Einer der ausgezeichnetsten deutschen Tondichter, dessen
meisterhafte Schöpfungen ihm den Beifall aller Zeiten
sichern, den der geniale van Beethoven selbst den »unerreichten
Meister aller Meister« nannte, den gerechte
und anerkennende Bewunderung nicht erst neuerdings,
sondern schon vor vielen Jahren als einen Shakesspeare
in der Musik bezeichnete, der mit einem Riesengeist,
wie mit Riesenfleiß begabt, unglaubliches leistete und
vollbrachte, und bei dem nichts zu beklagen ist, als
daß auch er, der Stolz des deutschen Vaterlandes, nicht
in diesem Vaterlande dauernd Wurzel schlug und Boden
gewann, sondern daß England vor allem ihn hob,
pflegte und nach dem Tode ihn als einen seinen größten
Geistern Ebenbürtigen ehrte und verherrlichte.
Händel war der Sohn eines Arztes und wurde in
Halle geboren; der in Jahren schon ziemlich weit vorgerückte
Vater bestimmte den Sohn für die juristische
Laufbahn, aber die Liebe zur Musik trat schon in dem
Knaben mit aller Macht hervor; er wandte sich zunächst
dem Orgelspiele zu, und empfing von dem tüchtigen
Meister dieses Instrumentes, Zachau, gründlichen Unterricht.

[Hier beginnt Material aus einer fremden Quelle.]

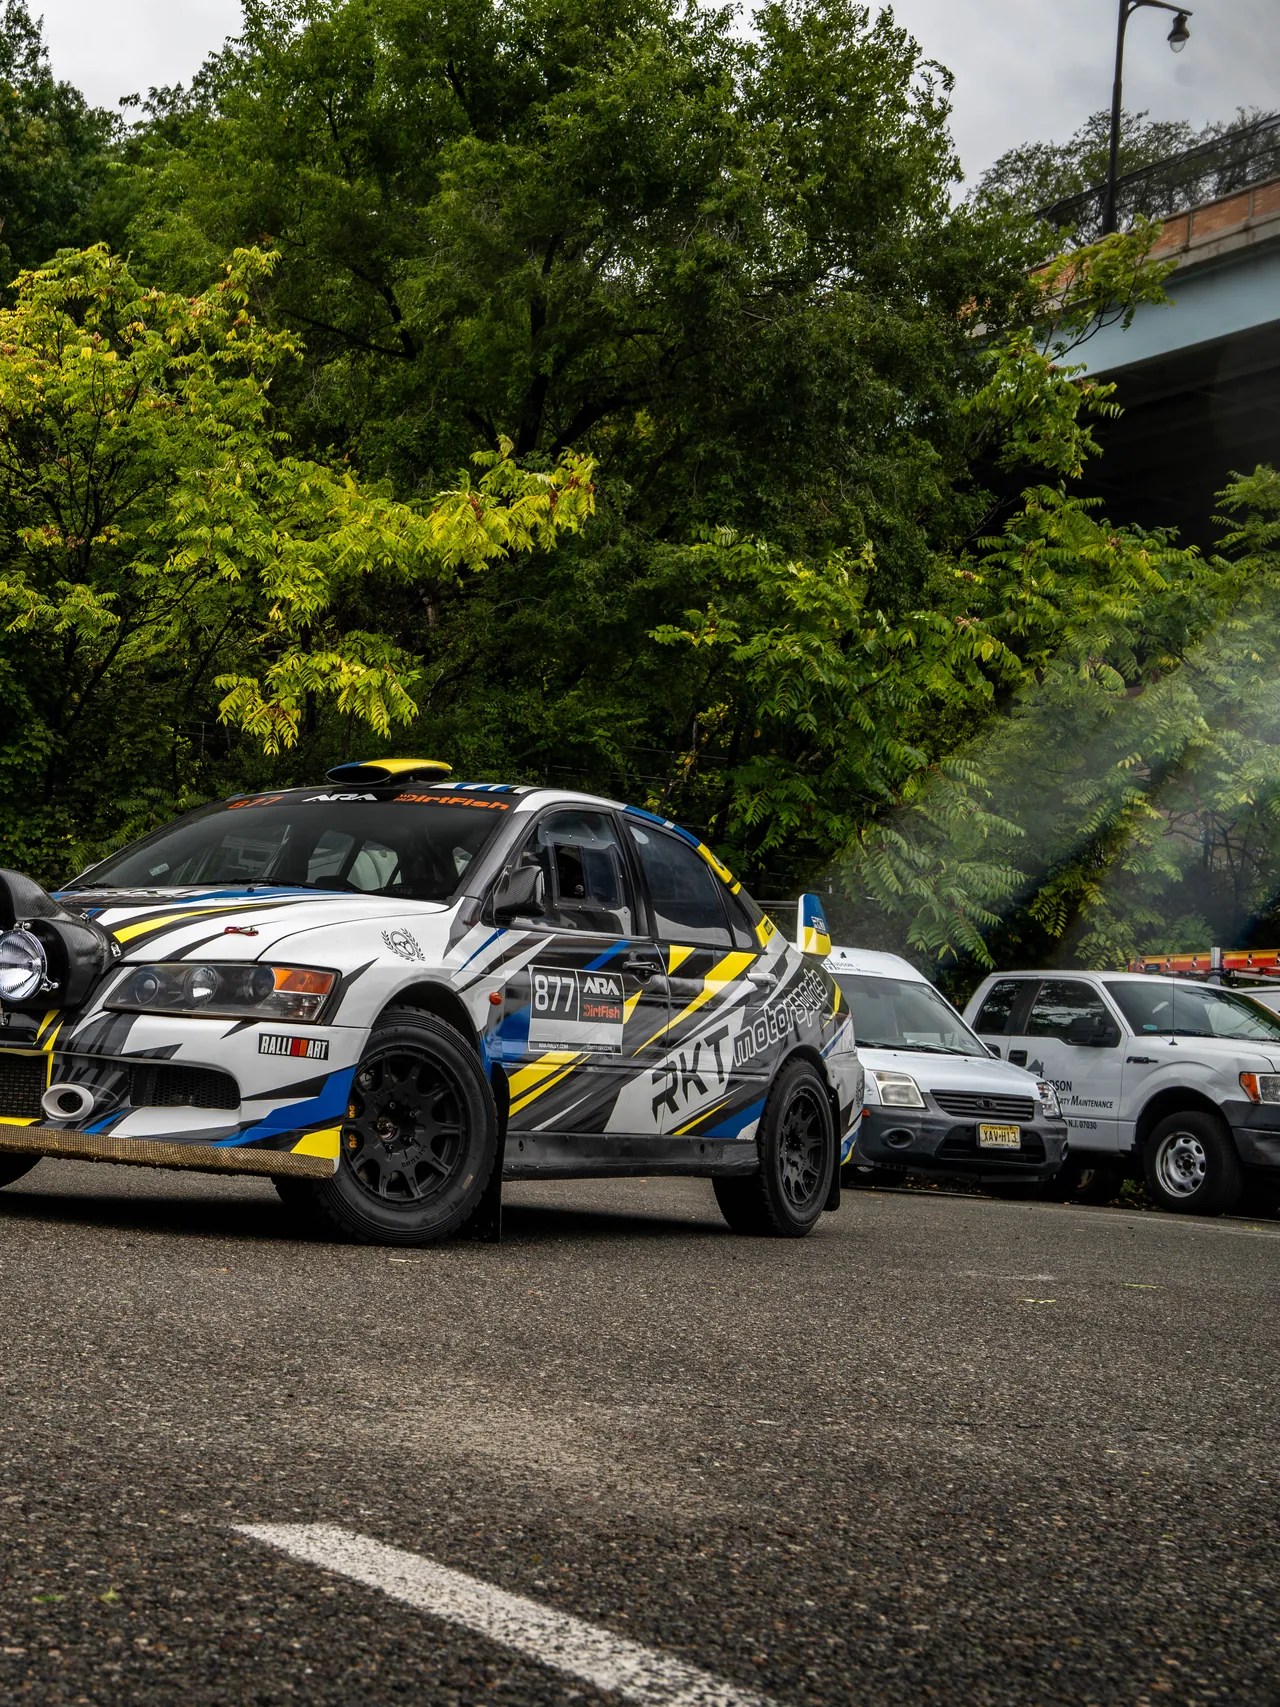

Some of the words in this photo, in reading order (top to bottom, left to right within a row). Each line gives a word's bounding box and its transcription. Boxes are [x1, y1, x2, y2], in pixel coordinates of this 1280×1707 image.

[227, 796, 284, 810] 877
[302, 793, 378, 801] ARA
[393, 794, 510, 811] DirtFish
[534, 974, 575, 1013] 877
[583, 976, 620, 996] ARA
[583, 1004, 620, 1019] DirtFish
[652, 1024, 729, 1123] RKT
[1079, 1121, 1097, 1130] 07030

Händel’s ganz außergewöhnliche Begabung offenbarte
sich dadurch, daß er noch im zartesten Alter, im
8. Jahre, nicht nur die Orgel schon fertig spielte, sondern
auch für dieselbe Kirchenstücke und für das Klavier
Sonaten componirte. Von Halle begab sich Händel
nach Berlin, begeisterte sich dort an der Oper, lehnte
einen Antrag des großen Kurfürsten, zu fernerer Ausbildung
auf dessen Kosten nach Italien zu reisen, aus
unbekannten Gründen ab, und wählte nach seiner Rückkehr
in die Vaterstadt Hamburg zum Aufenthalt, wo
er von 1703 bis 1708 blieb und als Violinist im
Orchester der Oper wirkte, und seine indeß Witwe
gewordene Mutter nach Kräften unterstützte. Händel
übernahm dann selbst die Leitung der Oper, brächte
1704 seine erste Tondichtung »Almira« zur Aufführung,
welche großen Beifall fand, ließ ihr bald noch andere
Opern folgen und war so vom Glück begünstigt, daß
er nun dem eigenen Wunsche folgen und frei und unabhängig
dennoch nach Italien reisen konnte. In
Florenz componirte Händel seine Oper »Rodrigo«, in
Venedig »Agrippina«, welche 27 mal nach einander über
Ludwig Bechstein: Zweihundert deutsche Männer in Bildnissen und Lebensbeschreibungen. Georg Wigand's Verlag, Leipzig 1854, Seite 163. Digitale Volltext-Ausgabe bei Wikisource, URL: https://de.wikisource.org/w/index.php?title=Seite:Zweihundert_deutsche_M%C3%A4nner_in_Bildnissen_und_Lebensbeschreibungen.pdf/163&oldid=- (Version vom 14.9.2022)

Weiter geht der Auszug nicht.